Wednesday, March 24, 2021

Bad theology, and good

Two pieces of powerful public theology crossed my path today, addressing painful current events. In one, Mihee Kim-Kort, a Korean American Presbyterian minister, calls out the bad theology which, going hand in hand with patterns of anti-Asian prejudice in the U. S., led to the horrific attacks in Atlanta last week. She recounts growing up within a Christianity which could not imagine a woman preaching.

Later I discovered stories that centered on people on the margins — Black, queer, women and others. These theologies radicalized my faith; I saw myriad possibilities of God in the world. When I looked in the mirror, I saw the divine in myself and in the faces of those around me. This changed everything. The God of grace I proclaim from the pulpit lives in us, loves every single one of us, and this was liberation.
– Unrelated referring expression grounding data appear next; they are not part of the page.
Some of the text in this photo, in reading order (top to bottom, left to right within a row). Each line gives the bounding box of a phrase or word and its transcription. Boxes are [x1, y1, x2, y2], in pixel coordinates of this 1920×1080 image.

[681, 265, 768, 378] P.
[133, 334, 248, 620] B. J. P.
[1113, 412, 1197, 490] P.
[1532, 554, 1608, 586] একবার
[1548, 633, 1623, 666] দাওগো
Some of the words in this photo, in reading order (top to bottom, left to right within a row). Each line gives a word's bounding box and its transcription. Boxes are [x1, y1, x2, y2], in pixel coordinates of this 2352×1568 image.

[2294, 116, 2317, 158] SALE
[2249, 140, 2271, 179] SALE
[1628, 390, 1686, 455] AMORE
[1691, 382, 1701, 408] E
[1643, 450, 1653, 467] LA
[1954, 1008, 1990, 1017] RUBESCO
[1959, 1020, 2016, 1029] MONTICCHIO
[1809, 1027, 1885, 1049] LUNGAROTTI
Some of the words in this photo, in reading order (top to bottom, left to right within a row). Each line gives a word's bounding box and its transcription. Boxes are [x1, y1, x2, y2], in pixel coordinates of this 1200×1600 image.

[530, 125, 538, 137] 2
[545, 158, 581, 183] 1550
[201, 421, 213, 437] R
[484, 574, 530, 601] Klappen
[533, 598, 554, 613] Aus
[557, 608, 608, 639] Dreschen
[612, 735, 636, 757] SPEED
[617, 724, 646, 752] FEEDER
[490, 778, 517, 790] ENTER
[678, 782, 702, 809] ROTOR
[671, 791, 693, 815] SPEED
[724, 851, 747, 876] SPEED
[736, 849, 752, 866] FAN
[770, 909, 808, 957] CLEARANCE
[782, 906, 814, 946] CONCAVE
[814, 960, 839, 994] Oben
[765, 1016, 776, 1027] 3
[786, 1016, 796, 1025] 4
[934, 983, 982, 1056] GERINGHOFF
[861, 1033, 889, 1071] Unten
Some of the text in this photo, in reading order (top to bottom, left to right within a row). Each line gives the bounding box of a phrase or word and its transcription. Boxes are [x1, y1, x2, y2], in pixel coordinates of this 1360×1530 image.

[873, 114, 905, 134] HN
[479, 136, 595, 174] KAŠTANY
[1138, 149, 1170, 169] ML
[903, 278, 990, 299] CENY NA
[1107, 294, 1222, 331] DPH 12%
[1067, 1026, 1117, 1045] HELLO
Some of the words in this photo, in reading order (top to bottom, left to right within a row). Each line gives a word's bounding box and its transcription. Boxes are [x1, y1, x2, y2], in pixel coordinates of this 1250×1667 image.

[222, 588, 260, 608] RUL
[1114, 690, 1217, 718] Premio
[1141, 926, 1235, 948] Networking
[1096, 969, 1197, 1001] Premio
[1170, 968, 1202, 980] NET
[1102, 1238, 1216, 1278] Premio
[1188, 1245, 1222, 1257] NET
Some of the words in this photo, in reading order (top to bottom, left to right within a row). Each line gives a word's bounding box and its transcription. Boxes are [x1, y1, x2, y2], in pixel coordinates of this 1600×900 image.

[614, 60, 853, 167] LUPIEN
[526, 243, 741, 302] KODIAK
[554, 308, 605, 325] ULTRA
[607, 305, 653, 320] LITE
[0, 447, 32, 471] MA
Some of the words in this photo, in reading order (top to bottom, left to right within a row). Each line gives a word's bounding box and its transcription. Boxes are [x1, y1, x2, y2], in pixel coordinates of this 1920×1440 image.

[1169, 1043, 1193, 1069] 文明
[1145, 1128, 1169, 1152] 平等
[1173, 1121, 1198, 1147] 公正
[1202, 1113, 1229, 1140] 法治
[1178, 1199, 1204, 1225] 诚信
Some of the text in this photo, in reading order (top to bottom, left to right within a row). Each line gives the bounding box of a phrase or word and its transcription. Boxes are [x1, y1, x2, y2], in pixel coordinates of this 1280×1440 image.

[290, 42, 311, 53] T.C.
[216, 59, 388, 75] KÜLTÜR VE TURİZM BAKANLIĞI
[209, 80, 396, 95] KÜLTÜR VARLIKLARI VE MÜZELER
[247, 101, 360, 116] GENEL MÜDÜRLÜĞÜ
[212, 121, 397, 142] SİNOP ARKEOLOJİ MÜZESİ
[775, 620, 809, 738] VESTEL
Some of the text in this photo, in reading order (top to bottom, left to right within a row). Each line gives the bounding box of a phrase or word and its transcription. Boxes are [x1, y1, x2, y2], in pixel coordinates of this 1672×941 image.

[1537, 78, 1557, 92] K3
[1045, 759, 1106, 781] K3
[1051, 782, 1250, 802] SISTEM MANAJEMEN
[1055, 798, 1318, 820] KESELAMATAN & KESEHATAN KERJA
Kim-Kort contrasts this with the inhuman Evangelical "purity culture" which shaped the Atlanta killer, unable to see others as anything but threats - especially Asian women, already denied full reality as Americans by entrenched stereotypes. Reports that the killer had a "strong Christian faith" gave me chills. The stronger Christian faith Kim-Kort describes gives me hope.

The other piece is by James Alison, long a hero, a pathbreaking gay Catholic theologian who manages to rise above rancor at churchly homophobia to prophetic love. In his newest piece he's responding to the recent Vatican announcement that forbade priestly blessing of same-sex unions (not to mention marriage). Alison's response is to describe the announcement as a "tantrum," and to recommend readers not take it personally. The writers are like people who've locked themselves in a small room, a conception of "objective truth" which does not do justice to the reality of God's creation. Their conniptions represent "self-fueling delusion at work." If only they could leave their little room, they'd see a world full of things to bless. 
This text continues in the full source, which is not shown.